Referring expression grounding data
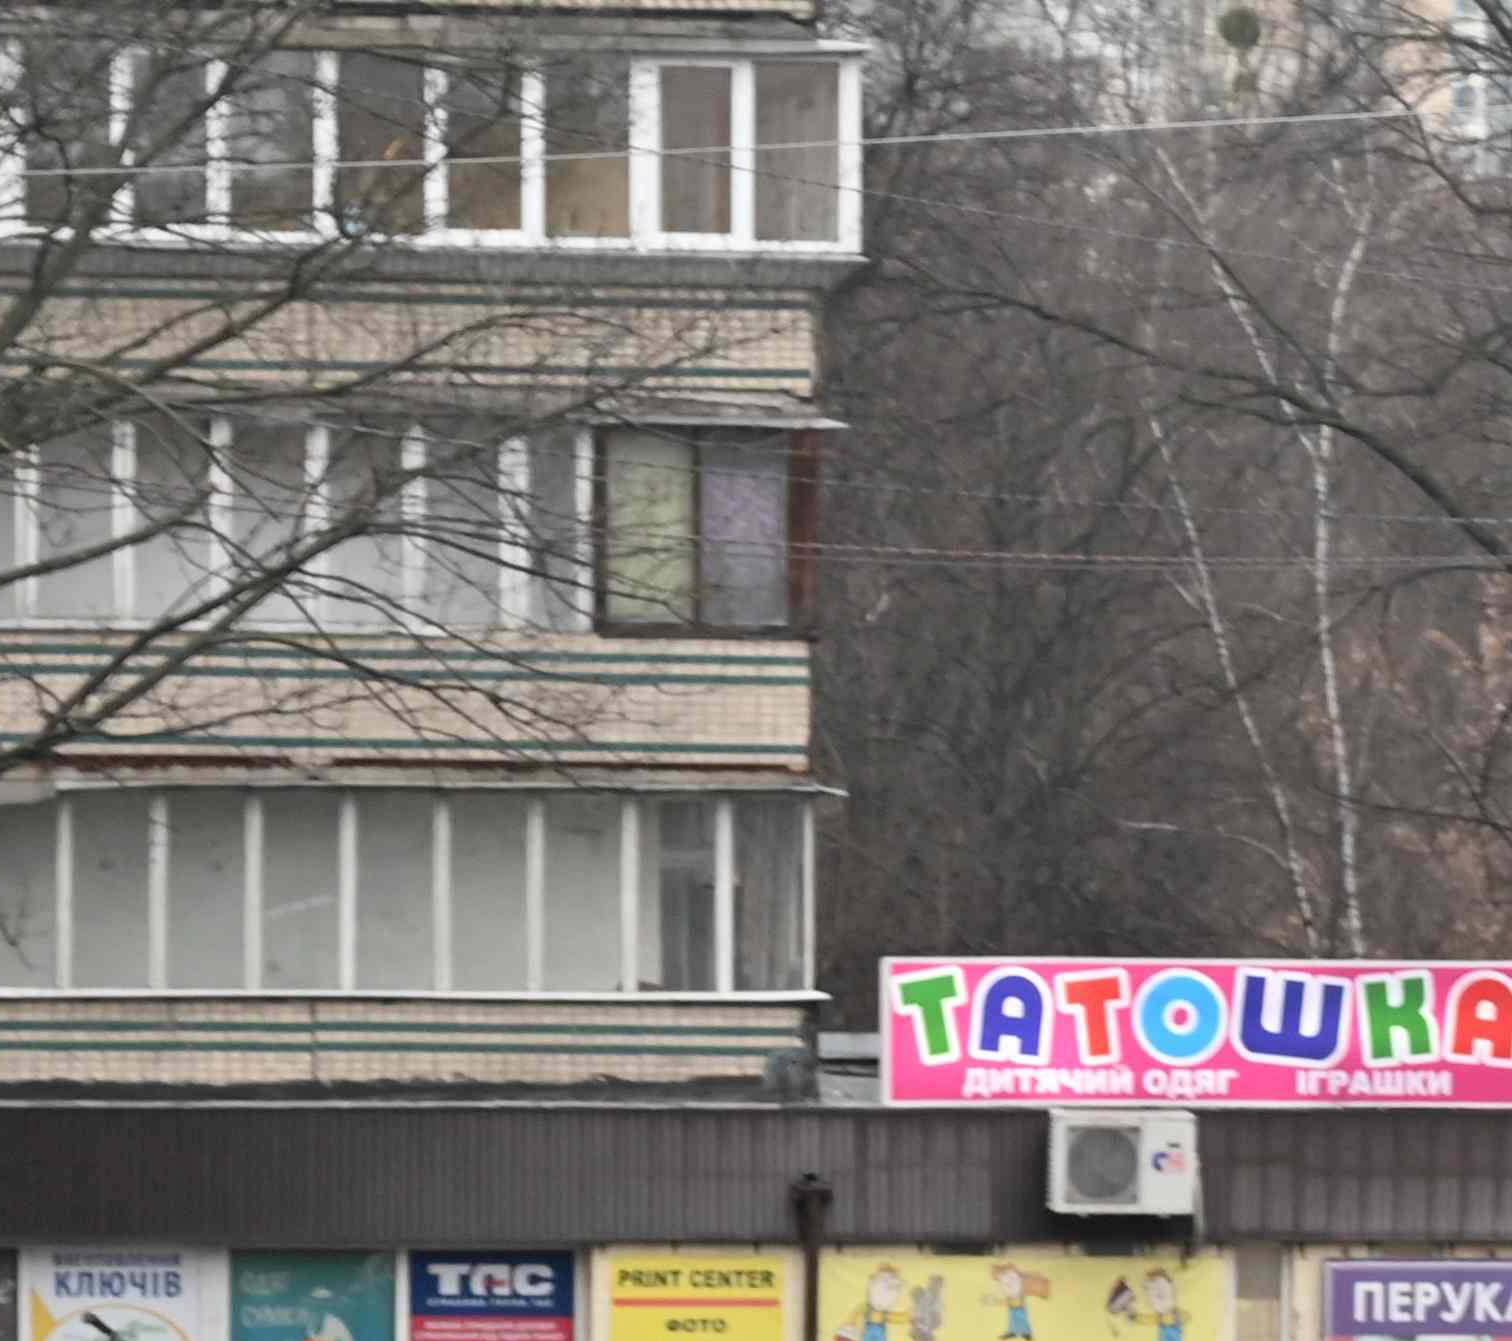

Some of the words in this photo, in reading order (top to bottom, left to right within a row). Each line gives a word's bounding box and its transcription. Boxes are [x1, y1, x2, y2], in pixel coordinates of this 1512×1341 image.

[964, 1064, 1135, 1099] ДИТЯЧИЙ
[1142, 1070, 1240, 1099] ОДЯГ
[1295, 1069, 1453, 1098] ІГРАШКИ
[55, 1270, 183, 1298] КЛЮЧІВ
[618, 1269, 682, 1288] PRINT
[690, 1269, 776, 1289] CENTER
[665, 1319, 728, 1333] ФОТО

Exercise aim
Please set down every record exactly as it appears, leaving out the pictures.

Reply to the task
Some of the words in this photo, in reading order (top to bottom, left to right within a row). Each line gives a word's bounding box and its transcription. Boxes are [x1, y1, x2, y2], in pixel coordinates of this 1512×1341 image.

[964, 1064, 1135, 1099] ДИТЯЧИЙ
[1142, 1070, 1240, 1099] ОДЯГ
[1295, 1069, 1453, 1098] ІГРАШКИ
[55, 1270, 183, 1298] КЛЮЧІВ
[618, 1269, 682, 1288] PRINT
[690, 1269, 776, 1289] CENTER
[665, 1319, 728, 1333] ФОТО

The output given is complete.